● **Exercise brief**: Extract the listing in its entirety, keeping each line identical to the original.

____________________

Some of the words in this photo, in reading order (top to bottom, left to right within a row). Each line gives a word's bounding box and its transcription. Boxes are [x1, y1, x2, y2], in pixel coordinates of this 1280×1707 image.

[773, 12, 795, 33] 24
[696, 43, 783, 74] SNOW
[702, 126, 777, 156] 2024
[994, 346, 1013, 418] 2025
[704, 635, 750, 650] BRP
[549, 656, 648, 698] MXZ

____________________

● **Result for this task**:
Some of the words in this photo, in reading order (top to bottom, left to right within a row). Each line gives a word's bounding box and its transcription. Boxes are [x1, y1, x2, y2], in pixel coordinates of this 1280×1707 image.

[773, 12, 795, 33] 24
[696, 43, 783, 74] SNOW
[702, 126, 777, 156] 2024
[994, 346, 1013, 418] 2025
[704, 635, 750, 650] BRP
[549, 656, 648, 698] MXZ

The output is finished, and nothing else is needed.